Parent #1 is allergic to dogs, so there are obviously none in the home. Parent #2 had a soft spot for them, with all good intentions, but no idea really how to begin working with one, especially one that’s already trained. Honestly, when I see someone telling a dog to “Siiiiiiiit, siiiiiiit, siiiiiit” when a) she’s already sitting, and b) the command is “Up” to sit up as a trick, I do a mental face-palm. It doesn’t at all write off the person’s ability to LEARN how to properly command and control a dog, but it does mean we have a few significant hurdles to cross before I would even think of handing my dog’s leash over, much less even letting said person command the dog.
However, I digress back to the disaster that was the “walk.”
This is how the story was told to me when they returned:
They were able to start walking up the street away from the house, and Mal walked somewhat nicely for them, in front with the end of the leash wrapped around the child’s wrist. Partway up toward the stop sign, she decided she was going no further. There was something, most likely mental (as the problem usually is for her) that told her You Shall Not Pass. No amount of coaxing and cajoling from the relatives could get her to move further.
So they turned around and proceeded to walk around the cul-de-sac.
About the time they arrived at the neighbor’s driveway where she goes to stay while we’re away and unable to take her with us, Mal decided to start acting out. She started jumping around and mouthing the leash, trying to coerce some unlucky fool into playing a game of Tug.
I pretty much admit fault with this habit, as I used a leash as a tug reward when I was working on building drive and focus with her when she was a new resident and in training. At one point, I thought it was a good idea. Now, I want to go back in time and give myself a good smack in the face for even thinking of it as a Good Idea. Teeth on the leash is the equivalent to teeth on human skin. Not Allowed Here.
Anyway, here’s Mal jumping about, growling and tugging on the leash, which is being held (at the very end) by an agitated 8-year old girl, whose parents are by now panicking and no doubt wondering what they’ve gotten themselves into. They’re yelling at Mal, tugging on the leash and obviously not getting through to her that this is Very Bad Behavior.
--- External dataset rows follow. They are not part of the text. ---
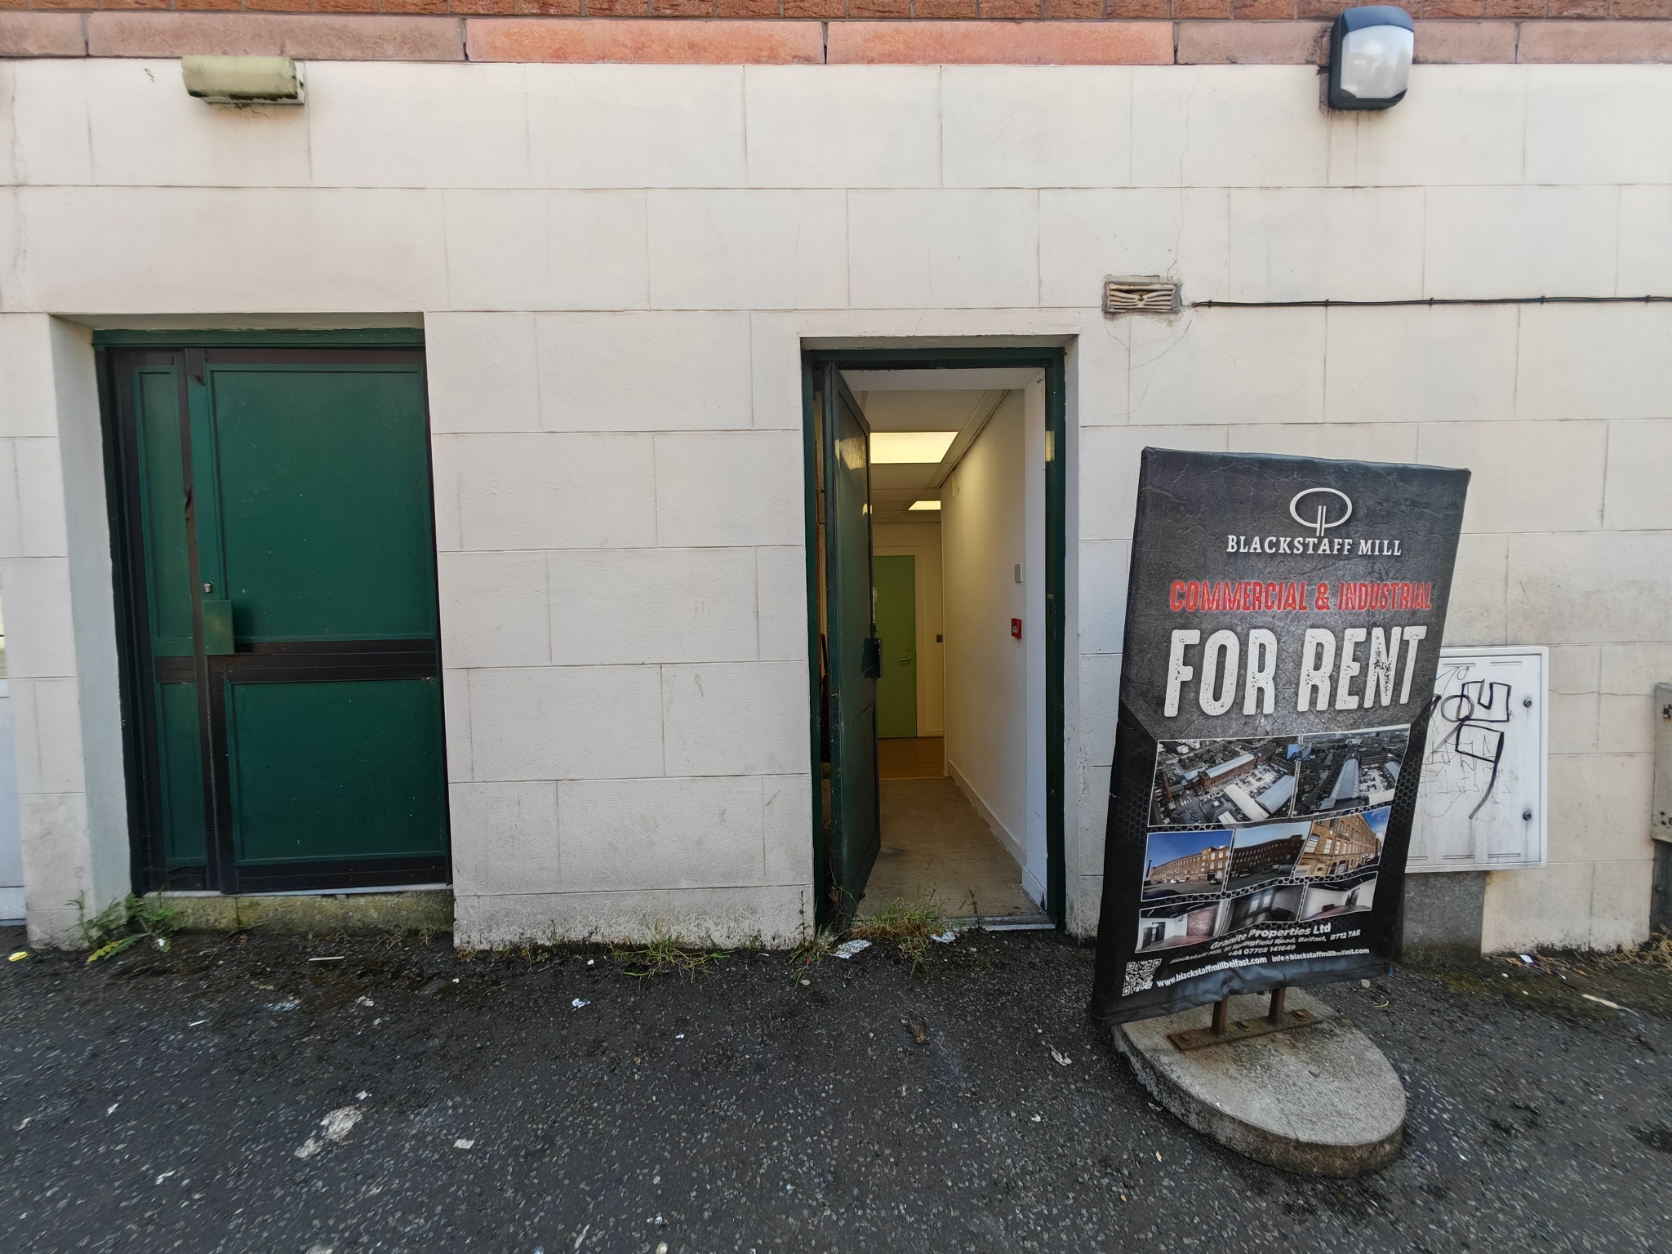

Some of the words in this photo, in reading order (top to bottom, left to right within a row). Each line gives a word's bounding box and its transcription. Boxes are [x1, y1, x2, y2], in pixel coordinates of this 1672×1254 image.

[1227, 535, 1353, 555] BLACKSTAFF
[1358, 538, 1402, 556] MILL
[1170, 580, 1308, 612] COMMERCIAL
[1314, 582, 1331, 611] &
[1337, 582, 1432, 611] INDUSTRIAL
[1164, 628, 1278, 717] FOR
[1297, 625, 1428, 712] RENT
[1210, 933, 1247, 949] Granite
[1248, 928, 1311, 938] Properties
[1313, 922, 1332, 935] Ltd
[1156, 957, 1267, 987] www.blackstaffmillbelfast.com
Somehow they manage to get her under control and high-tail it back to the house where, once inside, they drop the leash and breathe a collective sigh of relief.
The moral of the story is a little fuzzy here.
These were people who, as mentioned before, had good intentions, but no dog sense.
Our neighbors are people who have a decent amount of both.
Given the opportunity, Mal will go deaf at a moment’s notice when they are on the other end of the leash.
There is little, or no, relationship here. There is no motivation to listen and obey.
And when I say “motivation,” I mean not only praise, but also correction. Mal knows beyond a reasonable doubt what all her commands mean. She knows that she is rewarded for doing the right thing, though not with food. She knows that, with my family, she will be checked if she throws us the finger and tells us to buzz off when she needs to listen and obey. And I’m sure children in the presence of a sitter or daycare provider know that this is not the Mommy with whom they deal on a regular basis at home.
What shenanigans can I get away with today, and which ones will get me in trouble?
Until there is a relationship based on mutual respect and trust (with all the tools—and not just collar and leash—necessary to attain it), my dog will not listen to you.